Germany has split up into East and West Germany again
Belgium and France have been annexed by West Germany and renamed “Wester Germany” and “Westest Germany” respectively
The entirety of Florida is now underwater. Most of Kansas is too for some reason that scientists refuse to explain because they’ve “sworn an oath to the eldritch gods” and that “much worse things would happen” if they did
The melting ice caps in Antarctica unveiled a lost civilization of intelligent creatures descended from a species of lungfish, predating human civilization by millions of years. They planned on hibernating for another 10-15 million years to observe the course of evolution on Earth and are very very angry at humans for waking them up prematurely and ruining all of that with global warming
The politically correct term for lungfish people is “Dipnoid” but most people refer to them by a variety of slurs, such as “finwalker” and “kelp muncher” (not that they even eat kelp)

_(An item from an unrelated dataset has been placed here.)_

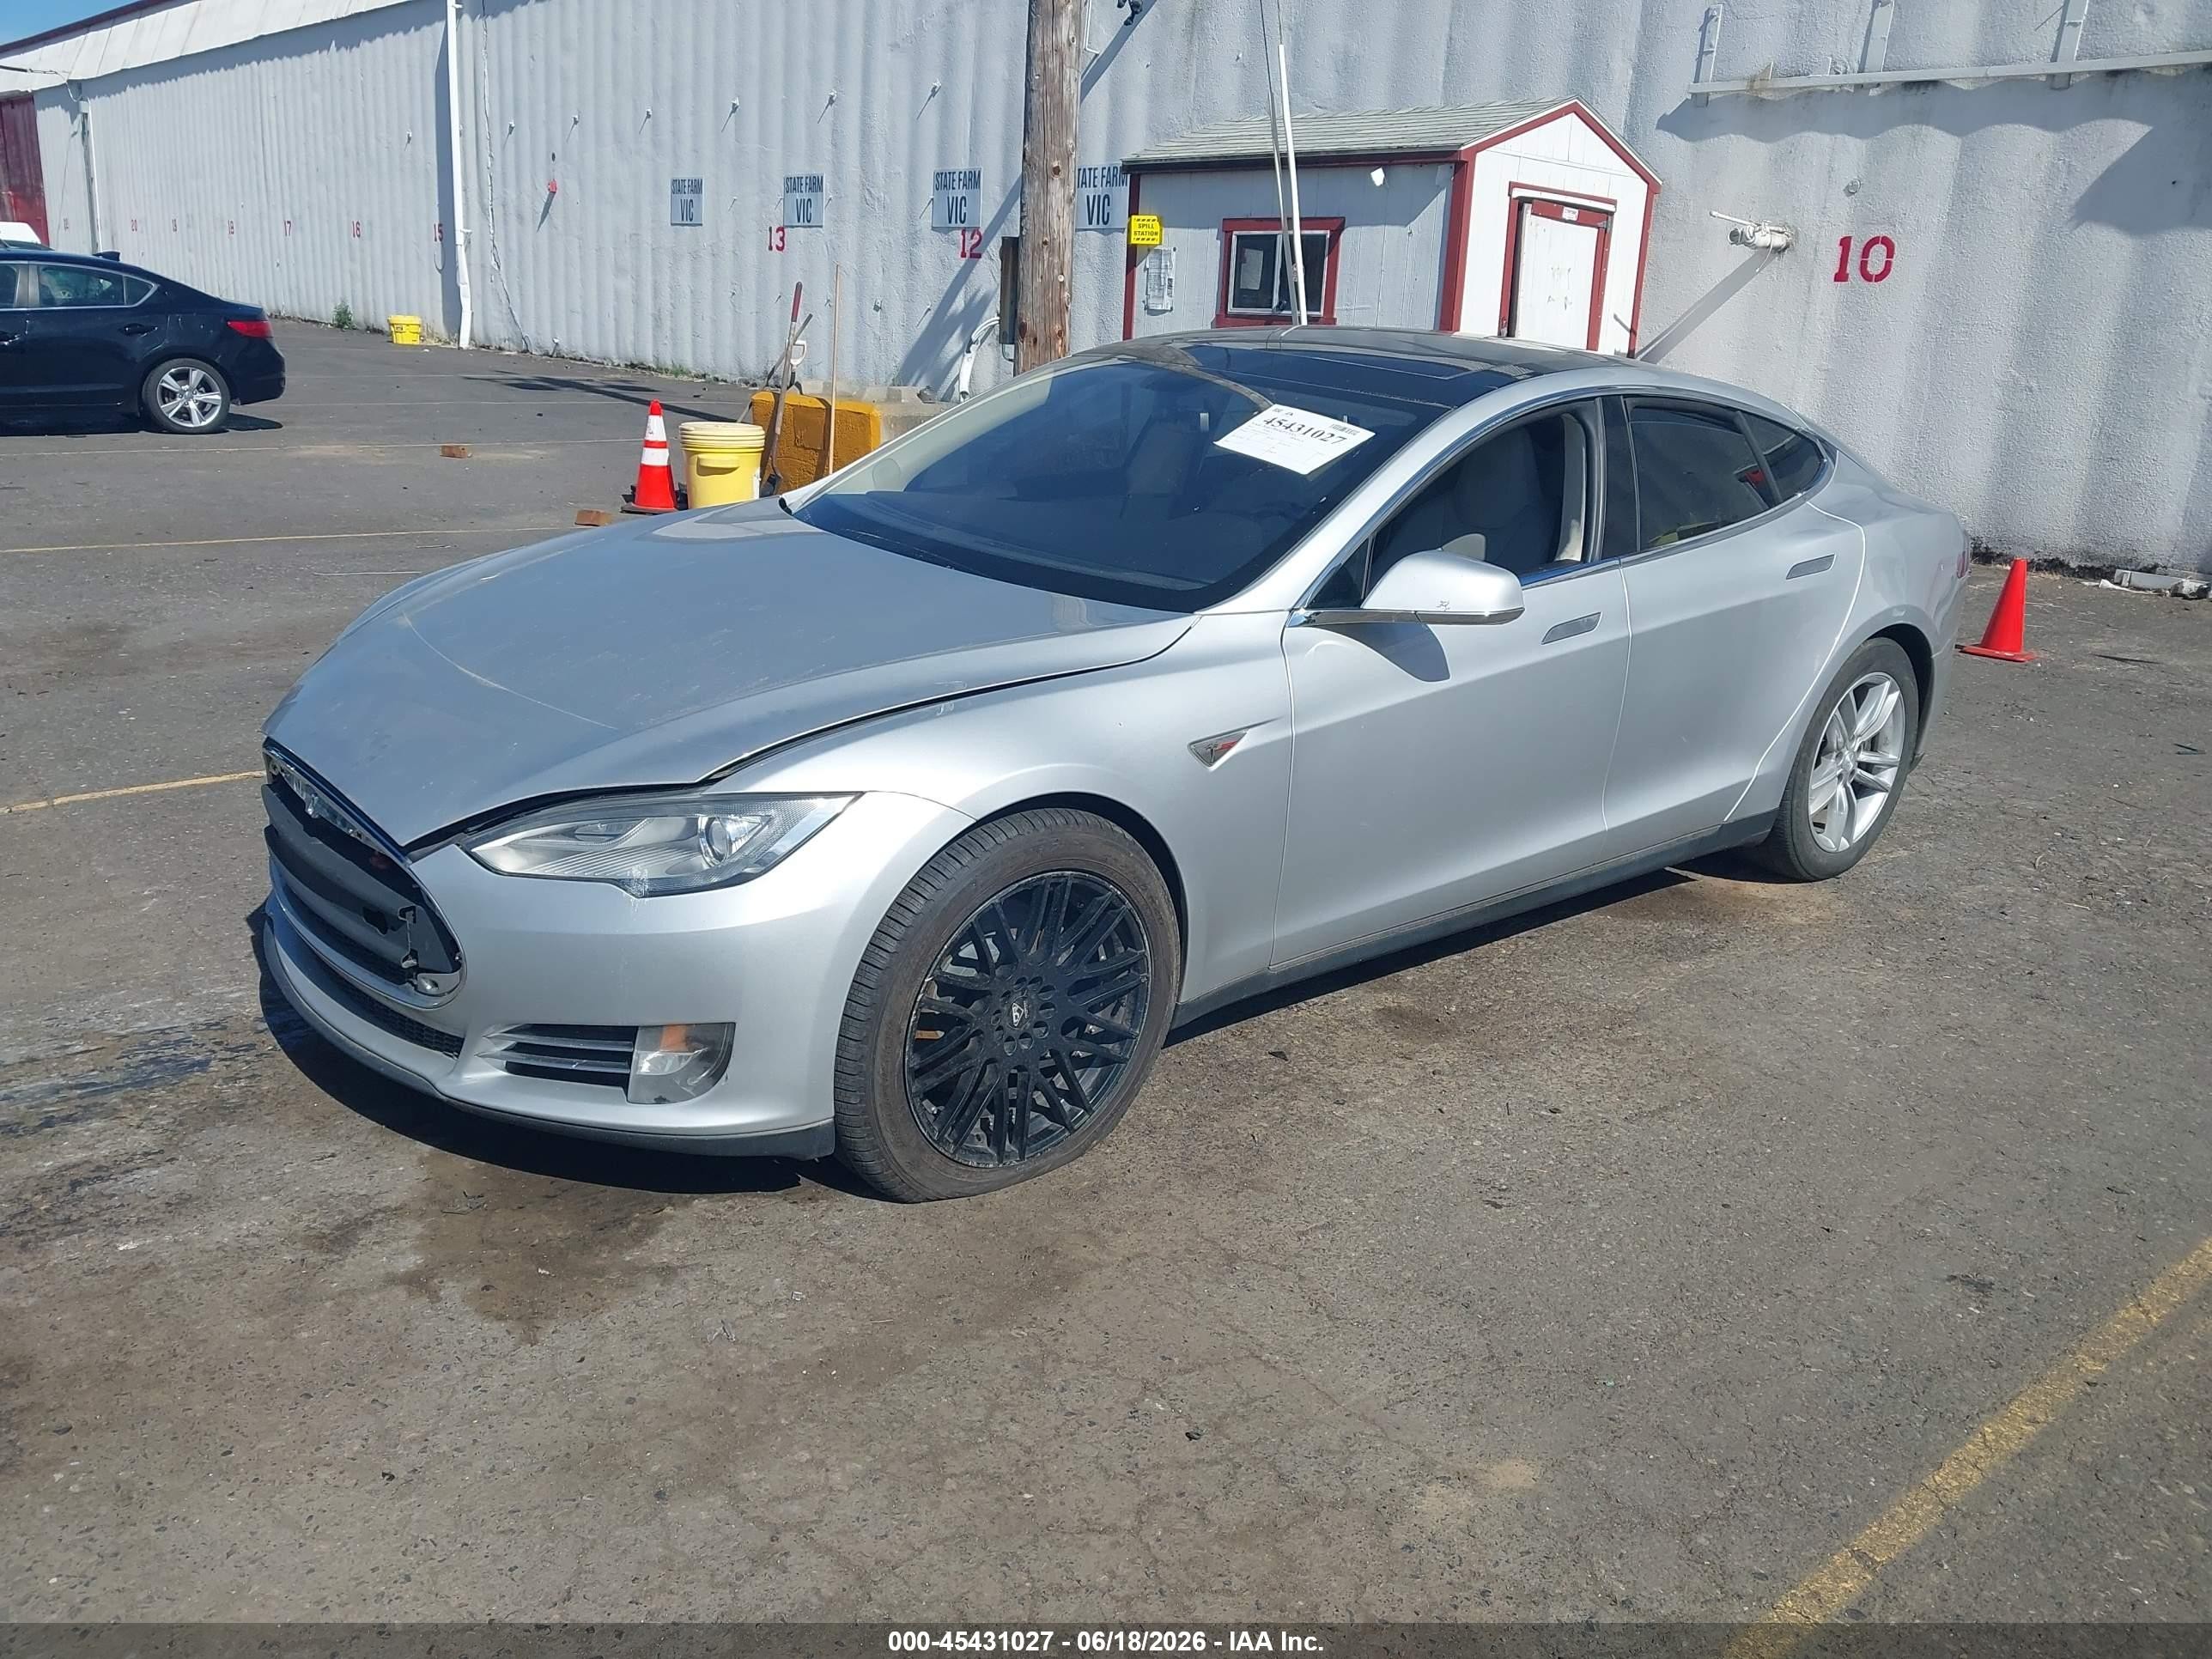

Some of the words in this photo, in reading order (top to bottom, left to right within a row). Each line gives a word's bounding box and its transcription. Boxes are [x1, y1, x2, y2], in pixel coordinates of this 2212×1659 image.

The Great Pacific Garbage Patch has now increased to nearly half the size of what was formerly known as Canada and has been colonized entirely by pirates (the flag is actually pretty cool). The pirate nation has the 17th largest economy in the world and is projected to surpass the United States in GDP
Africa is about 2% smaller. Nobody knows why. Most people point to Fleebo, who denies having any involvement
All human-Dipnoid interaction was promptly banned by most world governments, except for the GPGPRP (Great Pacific Garbage Patch Republic of Pirates), whom the Dipnoids rely upon extensively for trade
Scientists have used DNA from fossils to recreate other species of humans. We now live alongside them like we did for thousands of years before everyone besides Homo sapiens went extinct. Racism is at an all time high
Class C and above robots are now legally recognized by most progressive countries as people
The United States government has been exposed for secretly funneling billions of dollars into the GPGPRP and using it to fund terrorist operations all over the world.
A new major religion revolving around Dave Grohl has skyrocketed in popularity. Grohilsm is now the world’s largest religion, second only to Fleeboism
Scientists discovered a new continent in the Pacific Ocean, and then promptly lost it again. Most people are convinced this was just an elaborate practical joke, but scientists “swear it definitely happened”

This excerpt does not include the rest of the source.